Horton invited Lawler to come and view their Hatteras findings, and Lawler began looking into other archaeological work being done, including one being done in the area fifty miles inland, and learned that "there was more to the story than a couple of archaeological digs."  As he became interested in the activities and theories of  "a larger cast of modern characters mirroring the colorful Elizabethans they pursued with such passion," he soon found himself "trying to piece together a bevy of smaller puzzles." 
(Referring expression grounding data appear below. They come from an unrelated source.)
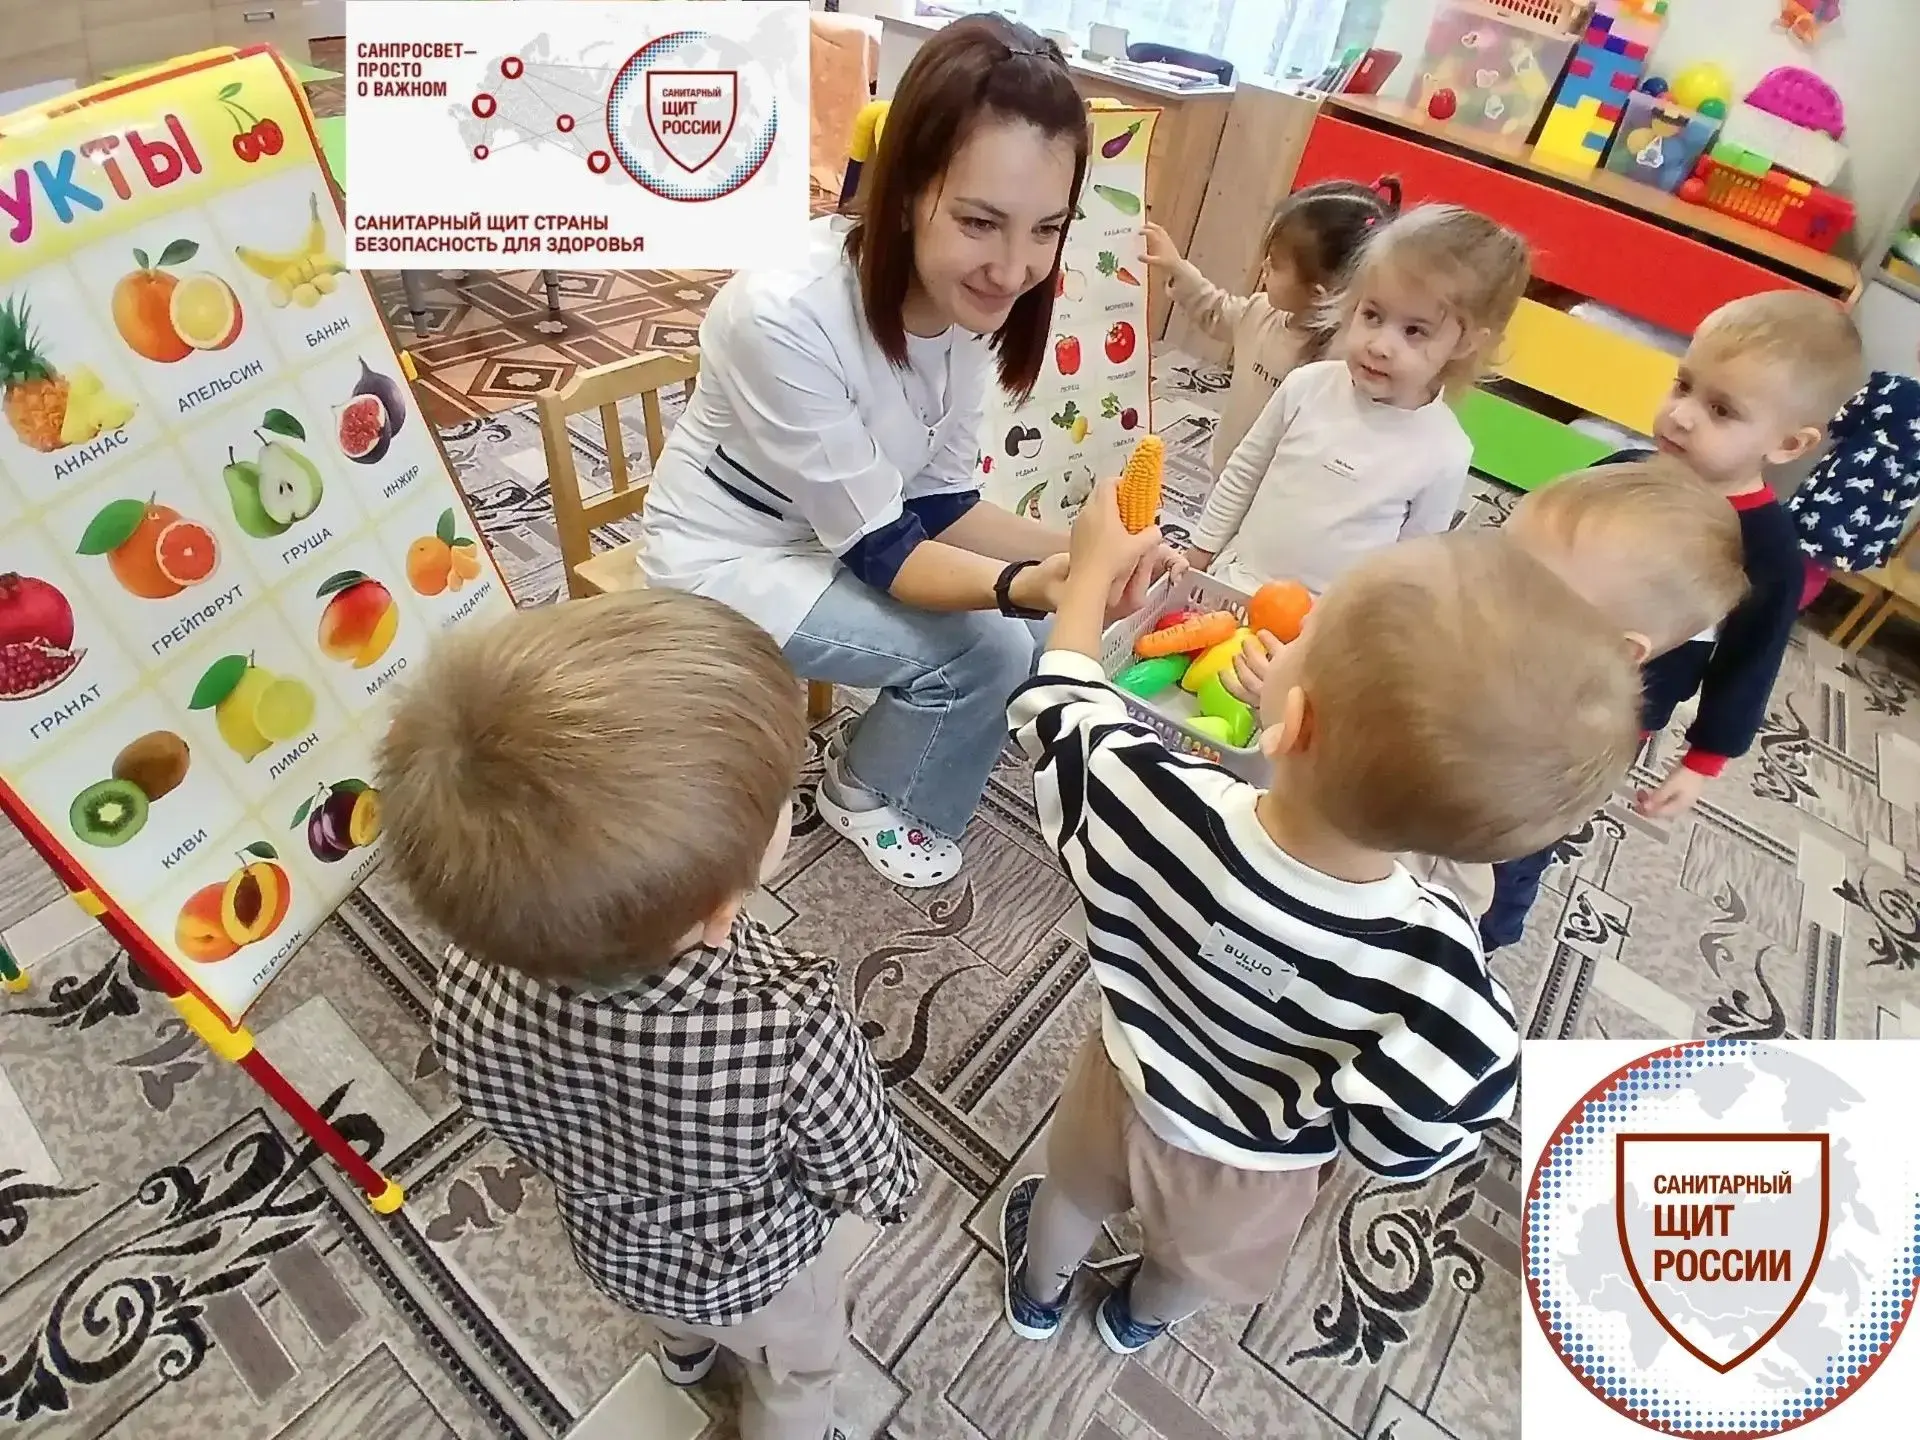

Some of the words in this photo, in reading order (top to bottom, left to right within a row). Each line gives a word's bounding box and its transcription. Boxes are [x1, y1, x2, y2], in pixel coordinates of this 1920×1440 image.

[305, 316, 351, 348] БАНАН
[178, 359, 264, 413] АПЕЛЬСИН
[54, 429, 129, 481] АНАНАС
[383, 465, 419, 499] ИНЖИР
[281, 528, 333, 565] ГРУША
[151, 584, 243, 656] ГРЕЙПФРУТ
[366, 657, 407, 696] МАНГО
[29, 683, 101, 740] ГРАНАТ
[269, 732, 319, 780] ЛИМОН
[161, 828, 208, 869] КИВИ
[252, 930, 304, 986] ПЕРСИК
[1224, 944, 1272, 976] BULUO
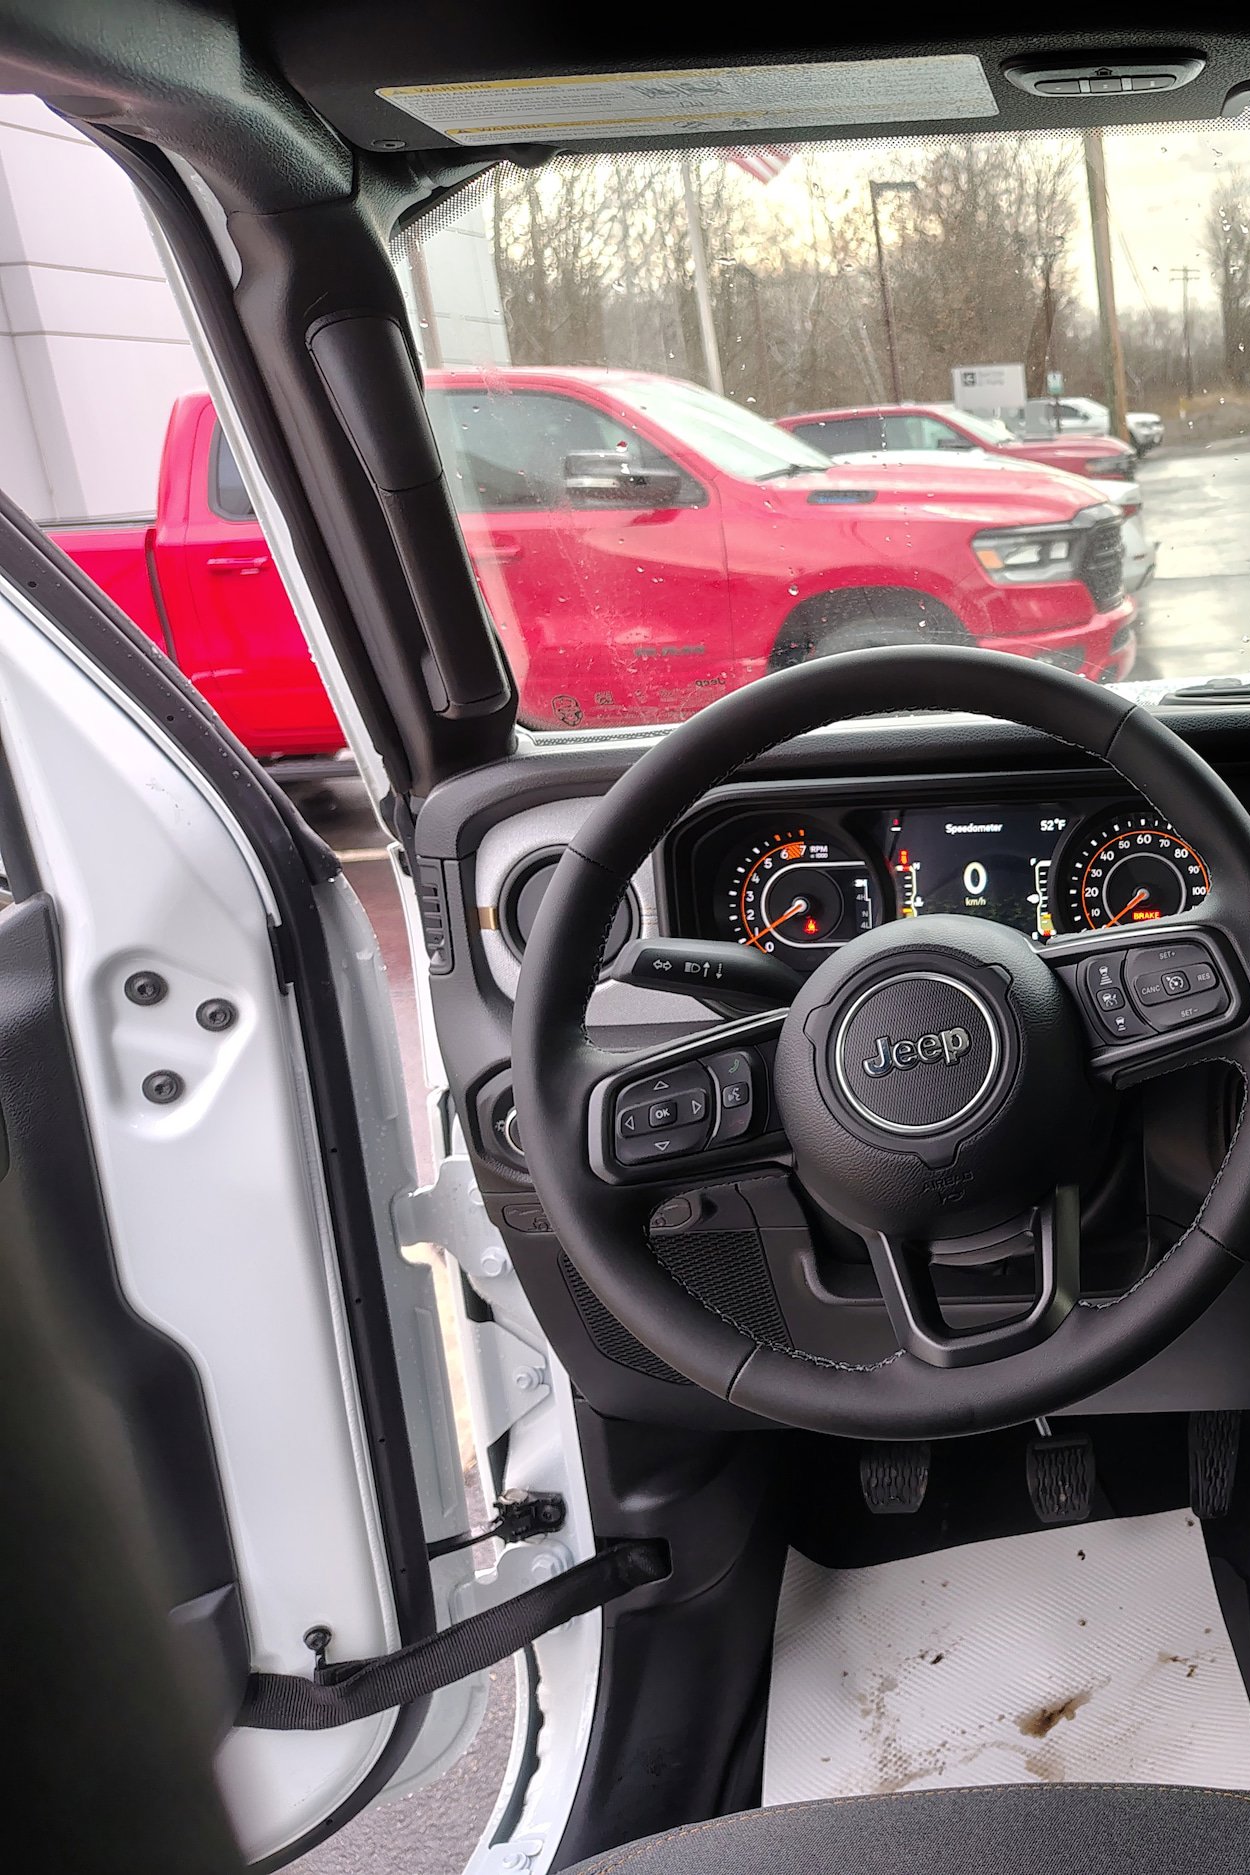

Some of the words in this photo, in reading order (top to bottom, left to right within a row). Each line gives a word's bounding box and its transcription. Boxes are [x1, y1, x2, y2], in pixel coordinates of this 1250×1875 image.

It is from this point that the book launches into the history and the people "central to the Roanoke missions," followed by an examination of different "clues" both archival and archaeological, including the famous "Dare Stones" and other so-called evidence.  And speaking of the Dare Stones,  the author looks into why the story of Virginia Dare continues to hold such a fascination; he makes some compelling observations about  the role this iconic figure and the Roanoke colonists came to play in an America that saw a number of upheavals including slave rebellions and Native Americans being forcibly moved out west.   He reveals how the figure of Virginia Dare has evolved at different times in our history, going for example, from an icon of racial purity to a symbol of "amends for the wrongs done by generations of whites against Indians."    Finally, he comes across another "secret token waiting to be read," as he explores the matter of descendants of these original colonists, whom he says, were not really "lost," until in the nineteenth century when the Roanoke colony became the subject of a romantic fictional story, with little Virginia Dare at its center. 

 At one point I had to laugh when the author describes how his work had gone "beyond professional diligence and into very obsession" that he'd seen in others.  There are several mysteries to be solved here, but as far as he's concerned, the "lost" colonists were like anyone else who in the same situation would have taken steps to insure their own survival -- it's much  more likely that they did the obvious and assimilated themselves into the nearby Native American tribes.  But, as he says,
"The real power exerted by the lost Colonists was not in archives or archaeological trenches but in the stories they spawned,"
so there will continue to be people who, despite the common-sense answer of assimilation, will continue to spin their own ideas or who will further the myths behind one of the most intriguing mysteries in our history. 

Bottom line: it's fascinating stuff and Lawler is the  right person to put it all together. Very highly recommended.